-- TRY IT --
When you write out the listing, keep every word as it stands and drop the pictures.
=== RECORDS SHOWN ===
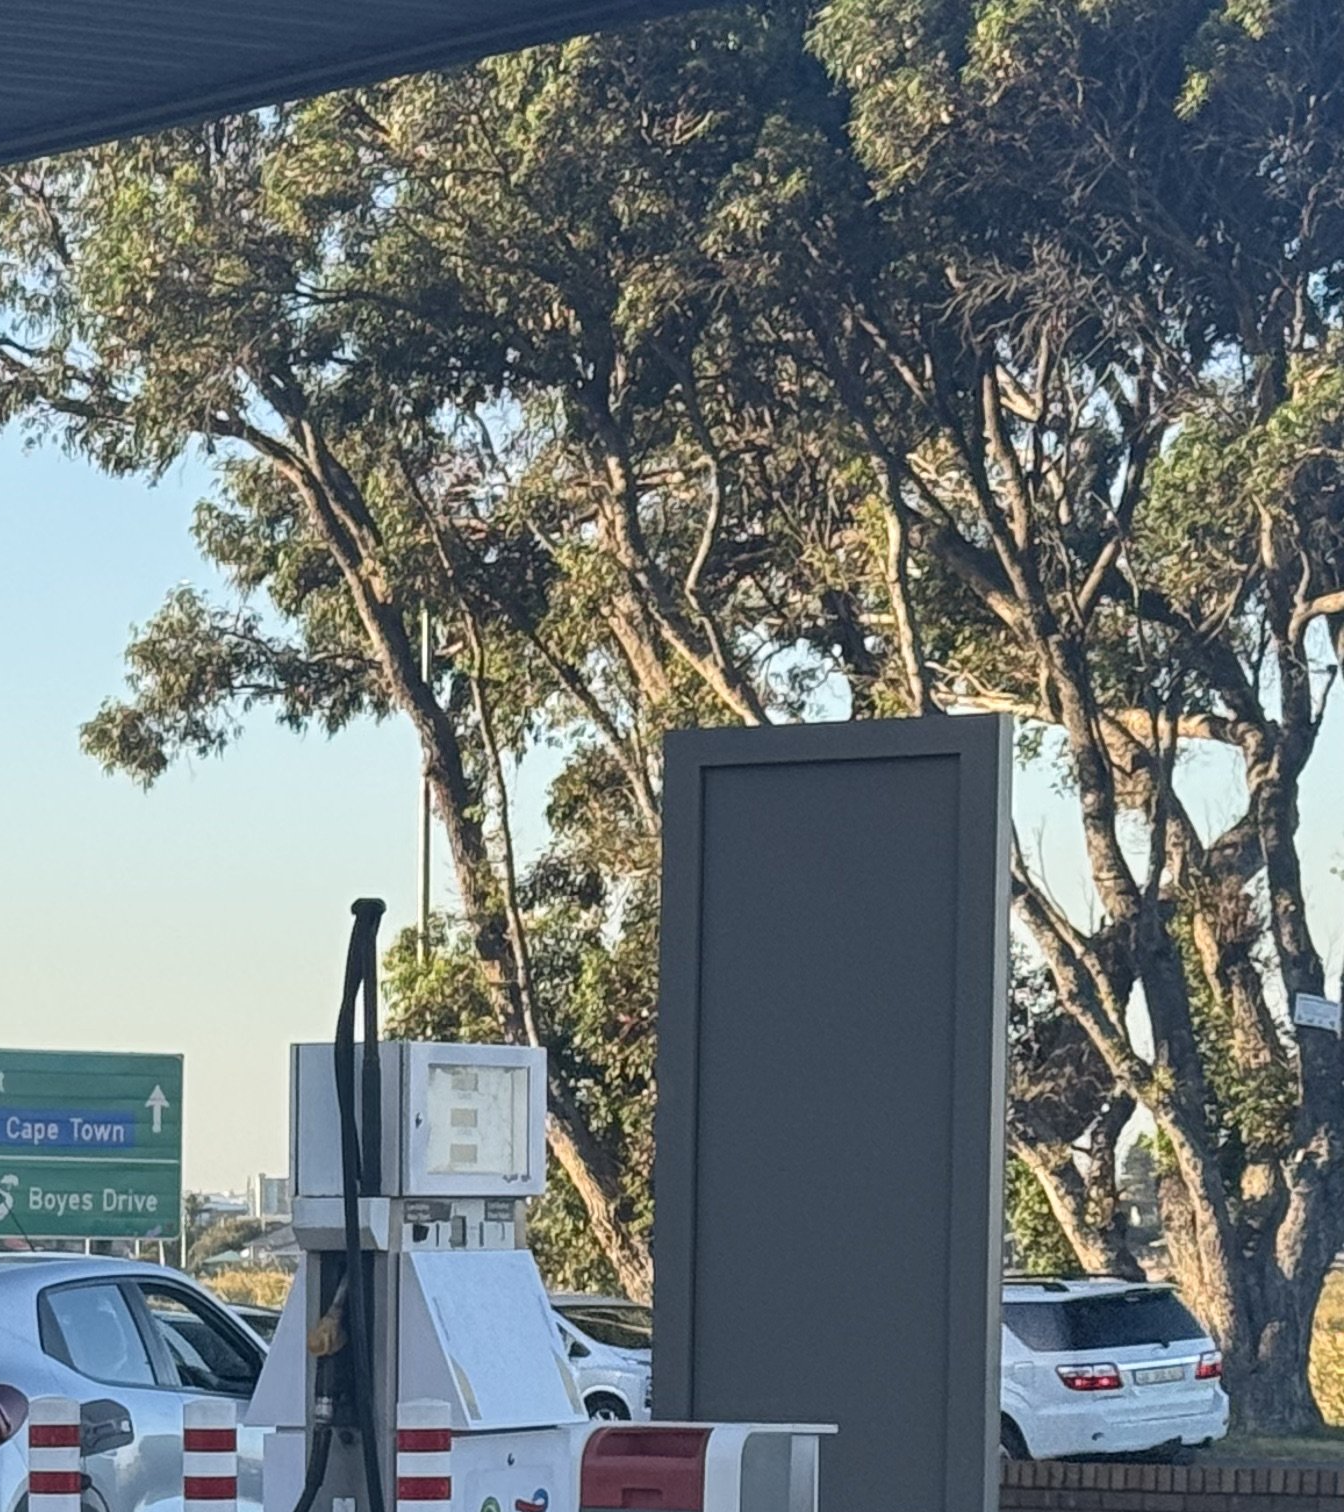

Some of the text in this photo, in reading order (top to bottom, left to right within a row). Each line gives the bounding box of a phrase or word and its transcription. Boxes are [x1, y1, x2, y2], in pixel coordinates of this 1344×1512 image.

[6, 1116, 59, 1145] Cape
[69, 1117, 125, 1143] Town
[29, 1186, 93, 1217] Boyes
[102, 1188, 158, 1212] Drive
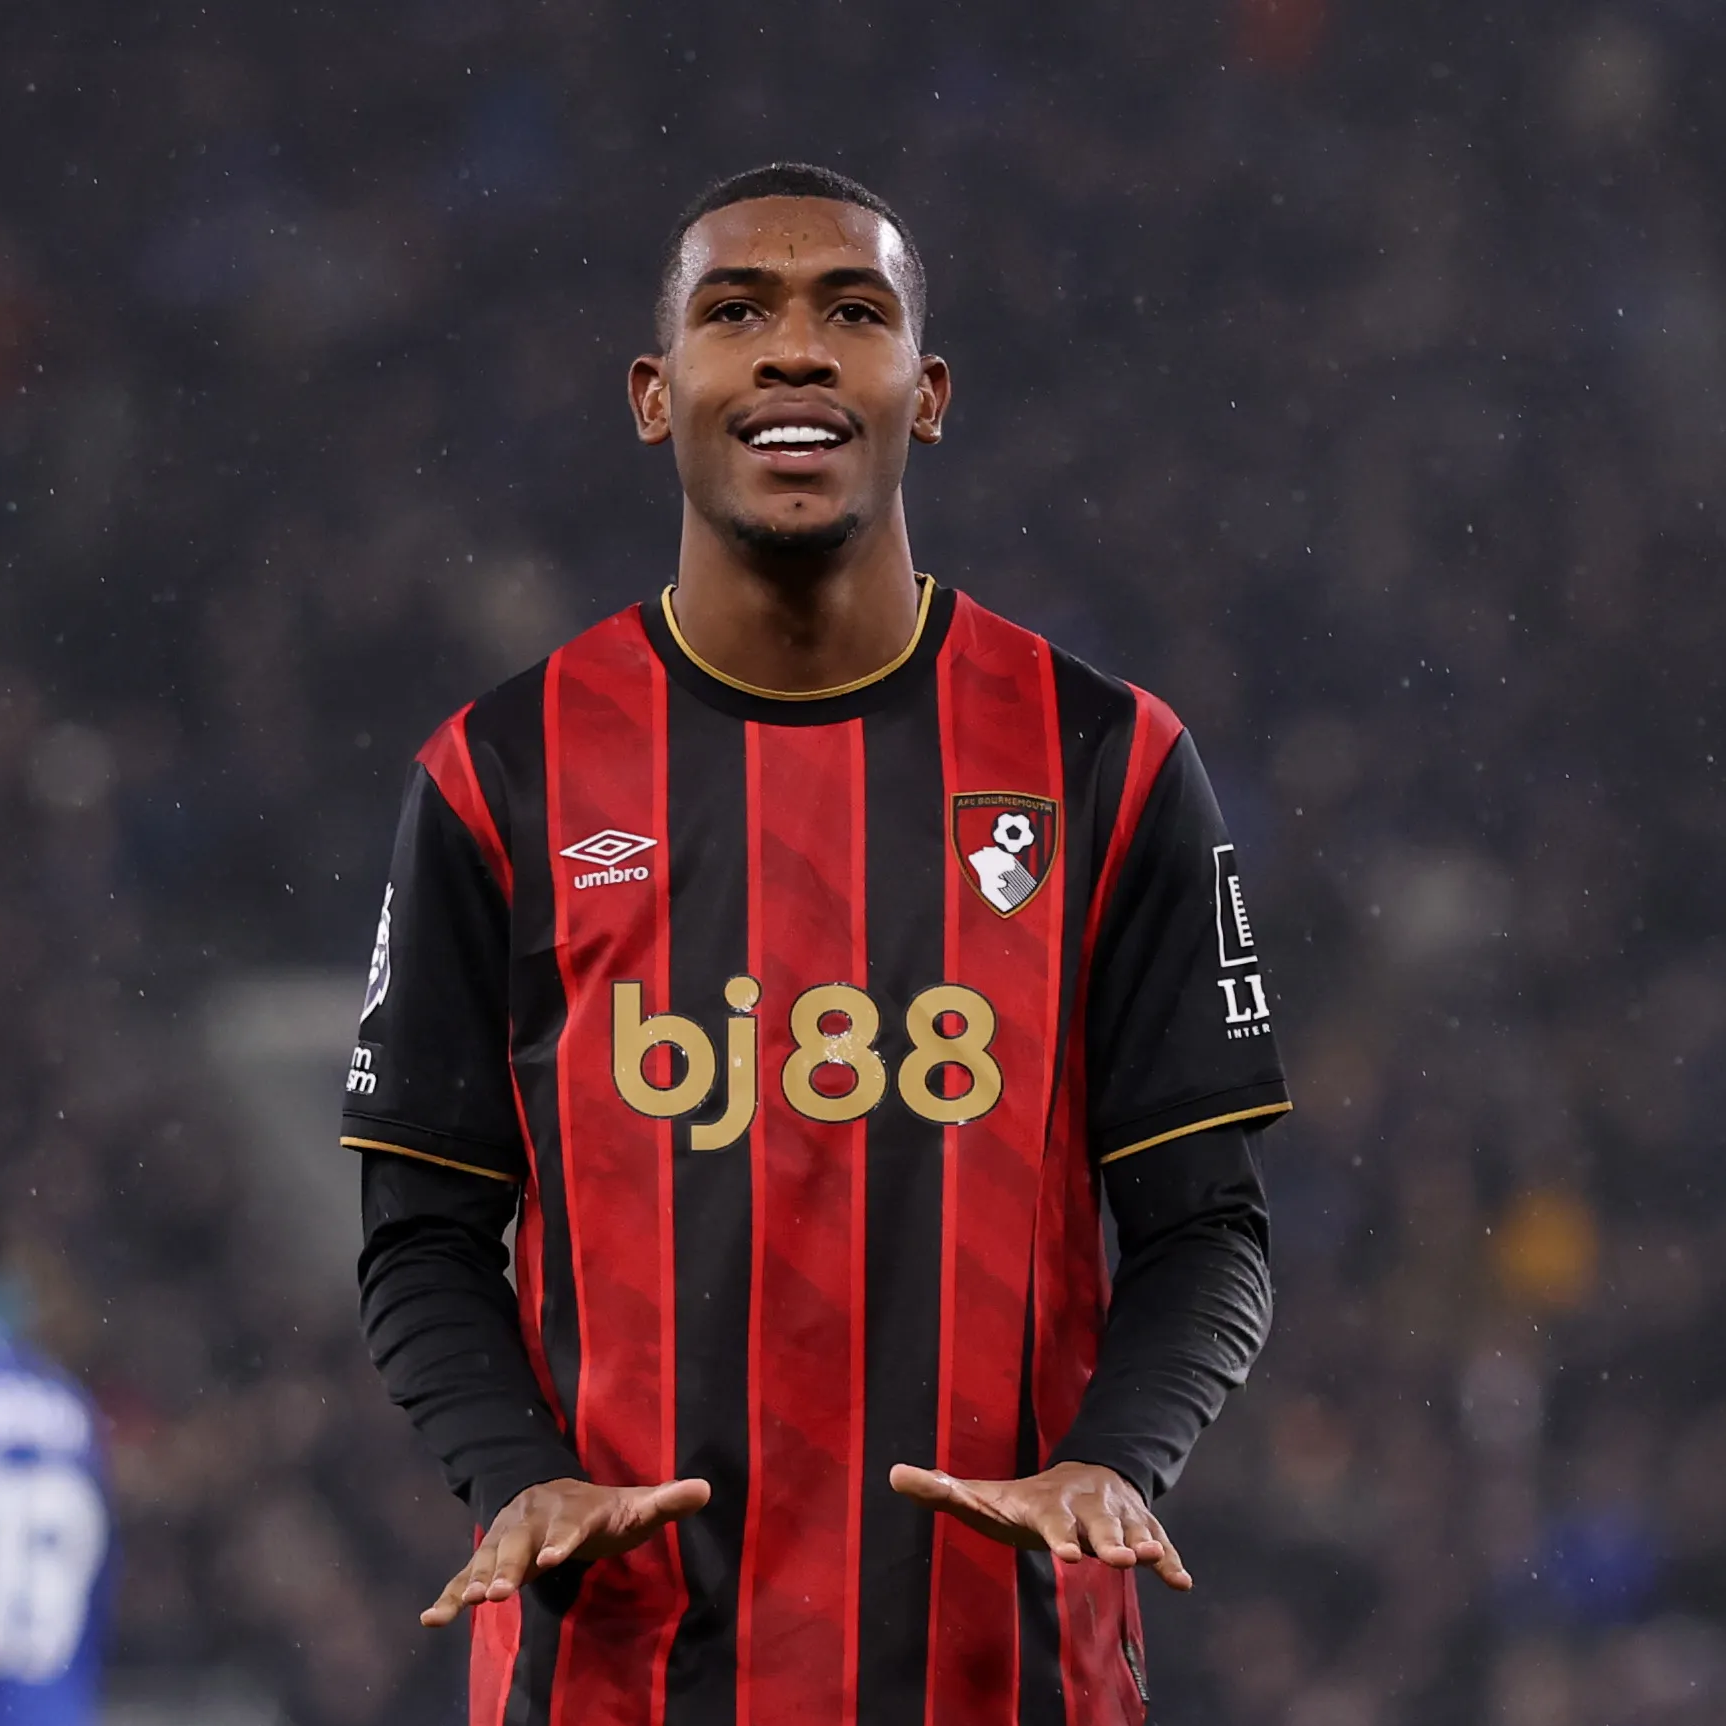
===
-- RESULT --
Some of the text in this photo, in reading order (top to bottom, left to right within a row). Each line gives the bounding box of a phrase or word and its transcription. Boxes are [x1, y1, x2, y2], in pixel coordinates of this 1344×1512 image.

[6, 1116, 59, 1145] Cape
[69, 1117, 125, 1143] Town
[29, 1186, 93, 1217] Boyes
[102, 1188, 158, 1212] Drive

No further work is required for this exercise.